Cousin Susan had rather dropped out of society, though the little she did keep up was of a very select order; and Mrs. Parke knew better than to expect her to take any trouble to introduce Margaret into it. The bare idea of having a young girl on her hands to take about would have sent her out of her senses. But she lived in her own very good house on West Cedar Street, and though she had let most of it to a physician, reserving rooms for herself and her maid, surely there was some little nook into which she could squeeze Margaret, if the girl, who had a pretty talent for drawing, could be sent to Boston to take a quarter at the Art School. Mrs. Manton assented, because refusing and excusing were too much trouble. Mrs. Parke had also written to an old school friend, now Mrs. David Underwood; a widow, too, but still better endowed, who had kept up with the world, and went out and entertained freely; the more, because her son, Ralph Underwood, a rising young stockbroker, was a distinguished member of the younger Boston society. Mrs. Underwood had visited the Parkes in her early widowhood, when Ralph was a little boy and Margaret a baby, and had been most hospitably entertained. Of course she would be only too glad to do all she could to show her friend's pretty daughter the world, and show her to it.

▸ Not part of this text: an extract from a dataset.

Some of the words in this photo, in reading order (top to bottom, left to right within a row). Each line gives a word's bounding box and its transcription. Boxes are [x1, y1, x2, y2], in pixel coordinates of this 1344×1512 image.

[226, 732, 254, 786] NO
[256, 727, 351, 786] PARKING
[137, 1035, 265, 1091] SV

Now, if Mrs. Parke had sent Margaret down to Boston a year sooner or a year later, things would doubtless have taken quite another turn, and this history could never have been written. But the year before she was still feeding her family on stews and boiled rice, to lay up the money for Margaret's expenses, and working early and late to get up an outfit for her; which objects she achieved by the autumn of 188-. What baleful conjunction of planets was then occurring to make Mrs. Underwood mutter, as she read the letter, that she wished Mary Pickering had chosen any other time to fasten her girl upon them, while Ralph growled across the breakfast-table under his breath, "At any rate, don't ask her to stay with us," must be left for the future to disclose. Mrs. Underwood eagerly promised anything and everything her son chose to ask, and as he sauntered out of the house leaving his breakfast untouched, and she watched anxiously after him from the window, the important letter dropped unheeded from her hand, and out of her mind.

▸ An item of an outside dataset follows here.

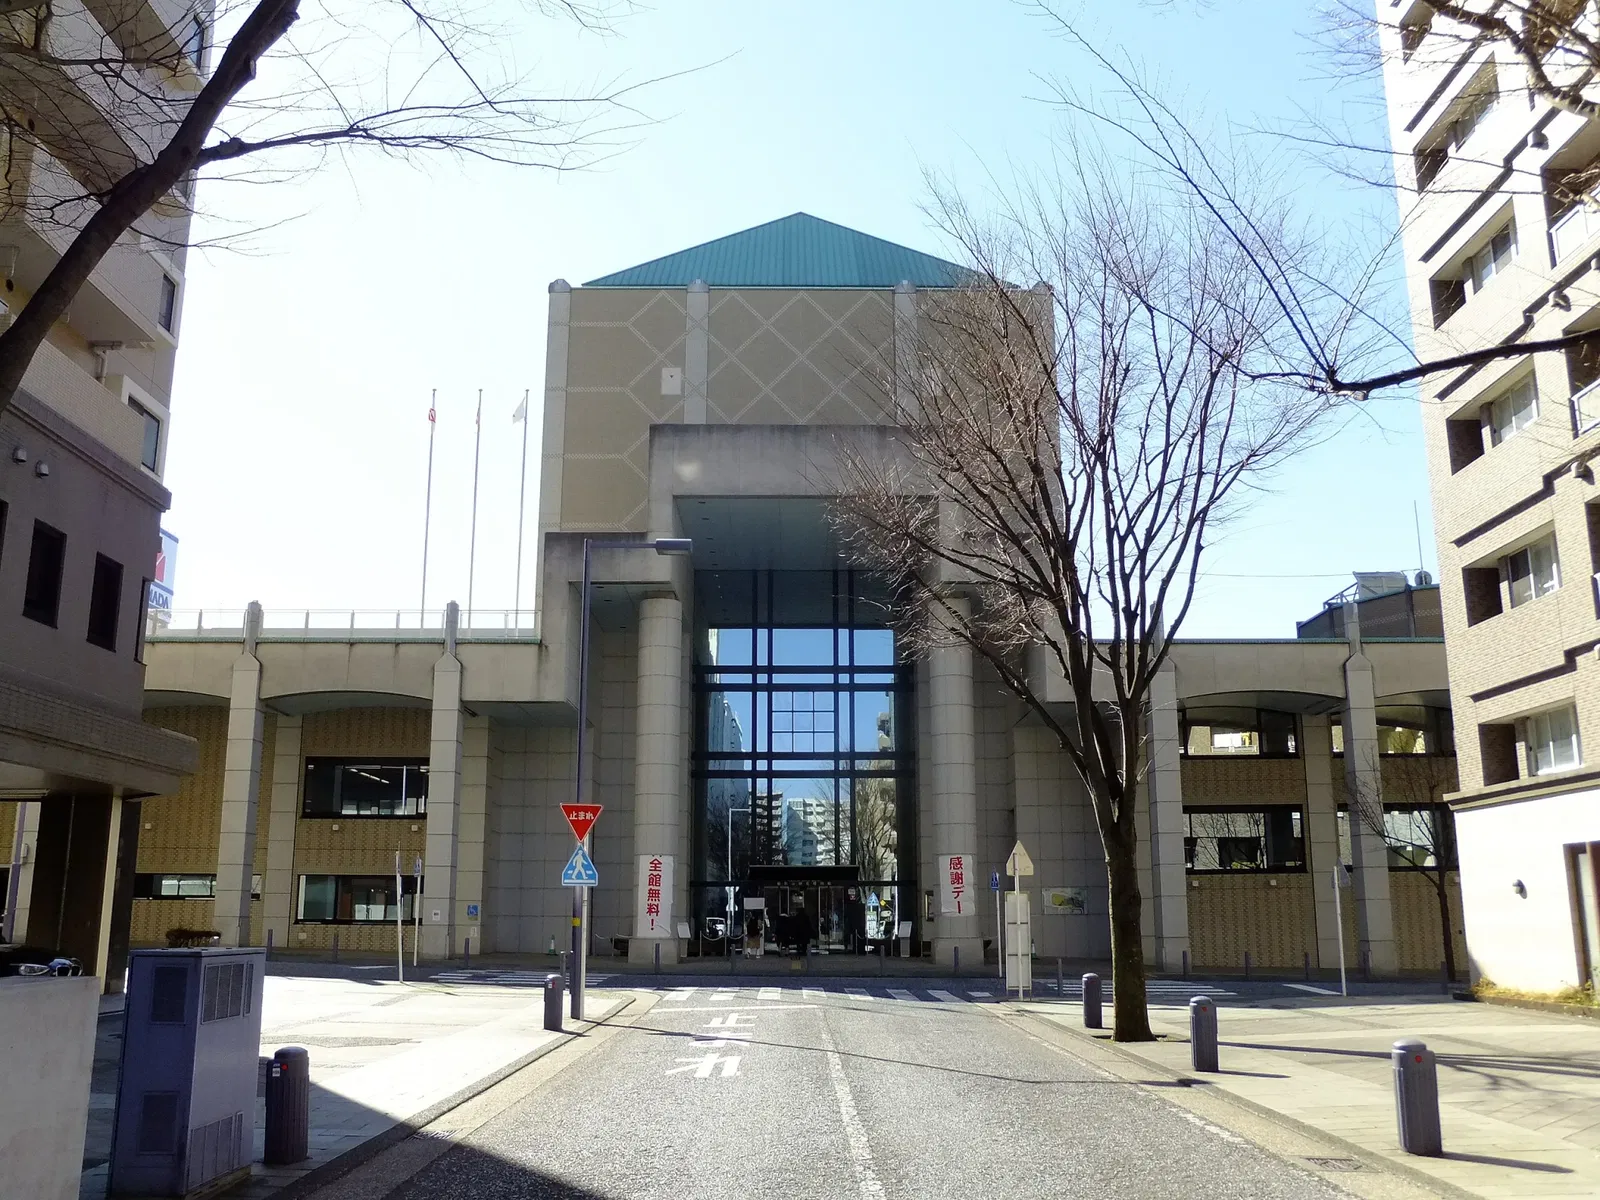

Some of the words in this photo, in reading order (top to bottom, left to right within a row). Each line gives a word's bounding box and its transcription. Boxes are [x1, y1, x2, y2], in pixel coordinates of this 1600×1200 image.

[569, 810, 595, 820] 止まれ
[949, 856, 965, 914] 感謝デー

Margaret came down in due season, bright and expectant. Cousin Susan was rather taken aback at the girl's beauty, partly frightened at the responsibilities it involved, partly relieved by the thought that it would make Mrs. Underwood the more willing to assume them all. Margaret went to the Art School, and got on very well with her drawing. She was much admired by the other girls, who were never weary of sketching her. They were nice girls, though they did not move in the sphere of society in which they seemed to take it for granted that Margaret must achieve a distinguished success; and even though she was modest in her disclaimers, she could not help feeling that she might have what they called "a good time" under Mrs. Underwood's auspices.

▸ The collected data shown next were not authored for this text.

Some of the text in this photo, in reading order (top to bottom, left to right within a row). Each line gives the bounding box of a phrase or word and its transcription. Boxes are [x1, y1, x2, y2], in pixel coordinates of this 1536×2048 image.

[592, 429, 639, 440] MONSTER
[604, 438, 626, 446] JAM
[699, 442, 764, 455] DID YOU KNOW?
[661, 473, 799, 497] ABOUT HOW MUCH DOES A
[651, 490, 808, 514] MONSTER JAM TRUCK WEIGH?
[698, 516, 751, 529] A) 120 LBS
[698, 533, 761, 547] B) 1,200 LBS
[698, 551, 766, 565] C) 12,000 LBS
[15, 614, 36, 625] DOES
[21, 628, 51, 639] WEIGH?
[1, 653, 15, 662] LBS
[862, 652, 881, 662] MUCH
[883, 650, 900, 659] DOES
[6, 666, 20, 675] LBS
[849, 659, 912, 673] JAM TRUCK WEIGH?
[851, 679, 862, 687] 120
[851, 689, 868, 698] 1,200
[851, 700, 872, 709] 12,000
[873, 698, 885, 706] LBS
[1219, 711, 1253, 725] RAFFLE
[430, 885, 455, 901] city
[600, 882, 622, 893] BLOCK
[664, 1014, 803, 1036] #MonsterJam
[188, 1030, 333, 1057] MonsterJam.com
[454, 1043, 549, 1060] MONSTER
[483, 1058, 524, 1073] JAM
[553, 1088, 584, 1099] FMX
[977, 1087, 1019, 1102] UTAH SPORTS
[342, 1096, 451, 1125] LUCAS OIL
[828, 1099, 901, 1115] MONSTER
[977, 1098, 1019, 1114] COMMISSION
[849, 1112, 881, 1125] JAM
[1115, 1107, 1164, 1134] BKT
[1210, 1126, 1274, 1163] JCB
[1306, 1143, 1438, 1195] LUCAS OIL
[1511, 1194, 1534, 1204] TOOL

Mrs. Underwood for more than a week gave no sign of life; then made a very short, very formal call, apologising for her tardiness by reason of her numerous engagements, and proffering no further civilities; and when Margaret, in a day or two, returned the call, she found Mrs. Underwood "very much engaged." But in another day or two there came a note from her, asking Margaret to a small and early dance at her house, and a card for a set of Germans at Papanti's Hall, of which she was one of the lady patronesses, and which Cousin Susan knew to be the set of the season. In her note she rather curtly stated that she had settled the matter of Margaret's subscription to the latter affairs, and that she would call and take her to the first, which was to come off three days after her own dance. Margaret was pleased, but a little frightened; there was something not very encouraging in the manner of Mrs. Underwood's note; though perhaps it was silly to mind that when the matter was so satisfactory,—only she did hate to go to her first dance alone. She longed even for Cousin Susan's chaperonage, though she knew her longings were vain; Mrs. Manton never went out in the evening under any circumstances, and told Margaret that there was no need of a chaperon at so small an affair at the house of an intimate friend, and that she should have that especially desirable cab and cabman that she honoured with her own custom, whenever she could make up her mind to leave the house. It would, of course, be charged on her bill; after which piece of munificence she washed her hands of the whole affair.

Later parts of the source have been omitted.